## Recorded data
^^^^^^^^^^^^^^^^

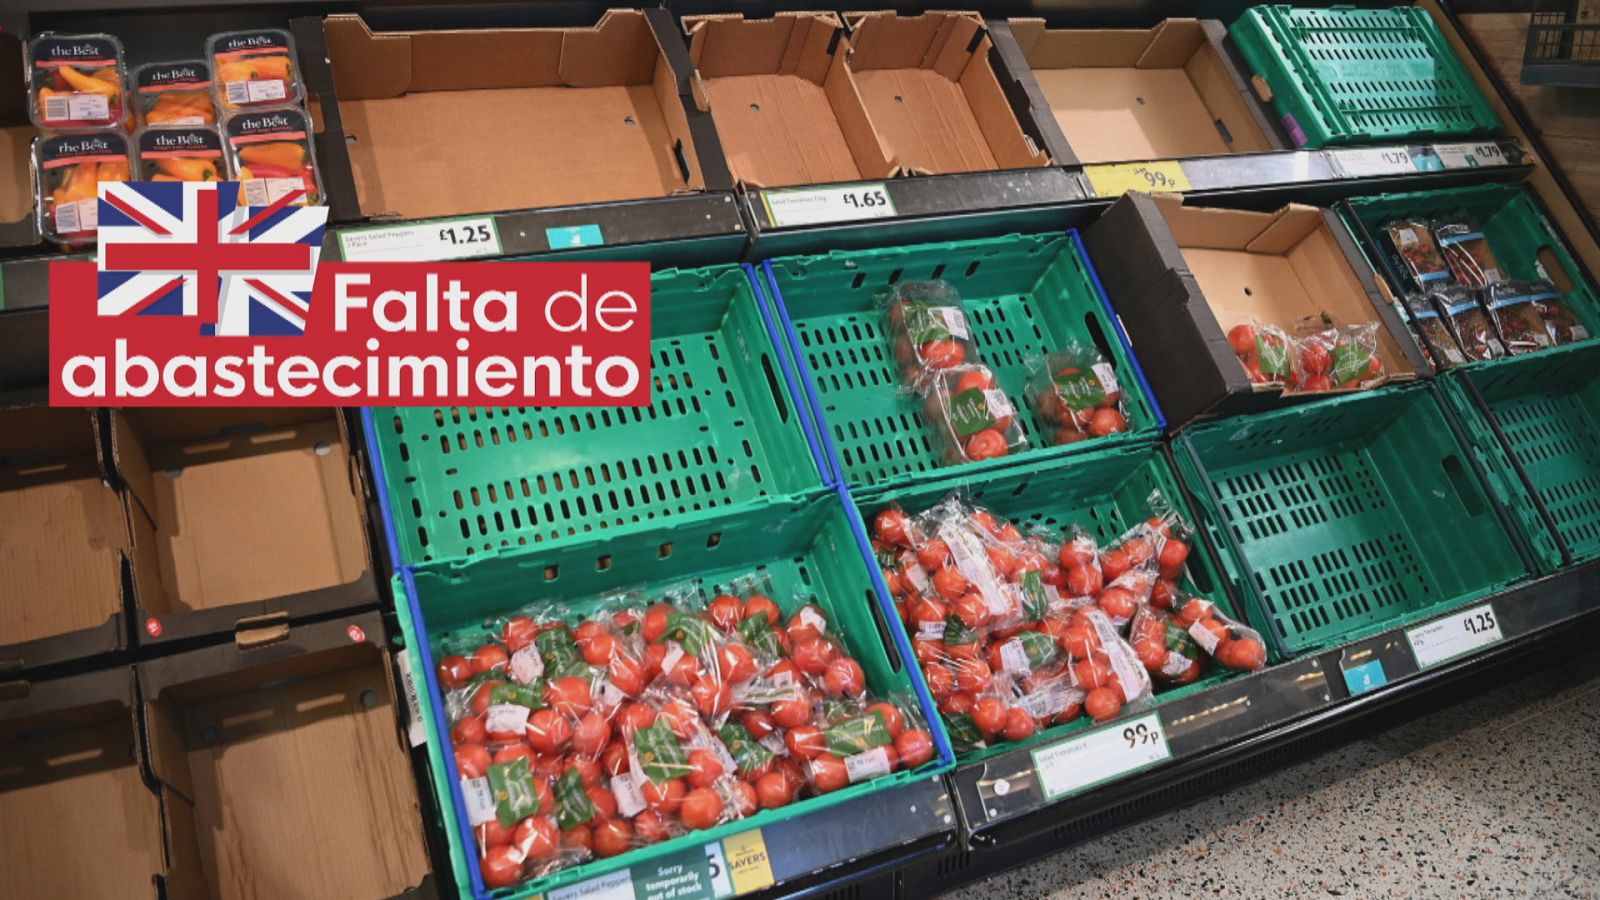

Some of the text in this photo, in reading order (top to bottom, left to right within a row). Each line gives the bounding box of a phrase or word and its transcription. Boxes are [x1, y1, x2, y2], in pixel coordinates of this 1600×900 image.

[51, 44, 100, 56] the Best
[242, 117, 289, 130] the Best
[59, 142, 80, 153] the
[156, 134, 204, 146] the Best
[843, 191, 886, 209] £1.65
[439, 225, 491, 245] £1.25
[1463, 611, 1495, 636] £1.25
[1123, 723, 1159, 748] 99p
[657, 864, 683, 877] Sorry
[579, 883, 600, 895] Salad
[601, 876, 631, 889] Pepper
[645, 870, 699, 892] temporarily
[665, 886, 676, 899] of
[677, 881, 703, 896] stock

^^^^^^^^^^^^^^^^

## Your assignment
A faithful copy is needed: reproduce all of the data above, leaving the pictures out.

## Written solution
Some of the text in this photo, in reading order (top to bottom, left to right within a row). Each line gives the bounding box of a phrase or word and its transcription. Boxes are [x1, y1, x2, y2], in pixel coordinates of this 1600×900 image.

[51, 44, 100, 56] the Best
[242, 117, 289, 130] the Best
[59, 142, 80, 153] the
[156, 134, 204, 146] the Best
[843, 191, 886, 209] £1.65
[439, 225, 491, 245] £1.25
[1463, 611, 1495, 636] £1.25
[1123, 723, 1159, 748] 99p
[657, 864, 683, 877] Sorry
[579, 883, 600, 895] Salad
[601, 876, 631, 889] Pepper
[645, 870, 699, 892] temporarily
[665, 886, 676, 899] of
[677, 881, 703, 896] stock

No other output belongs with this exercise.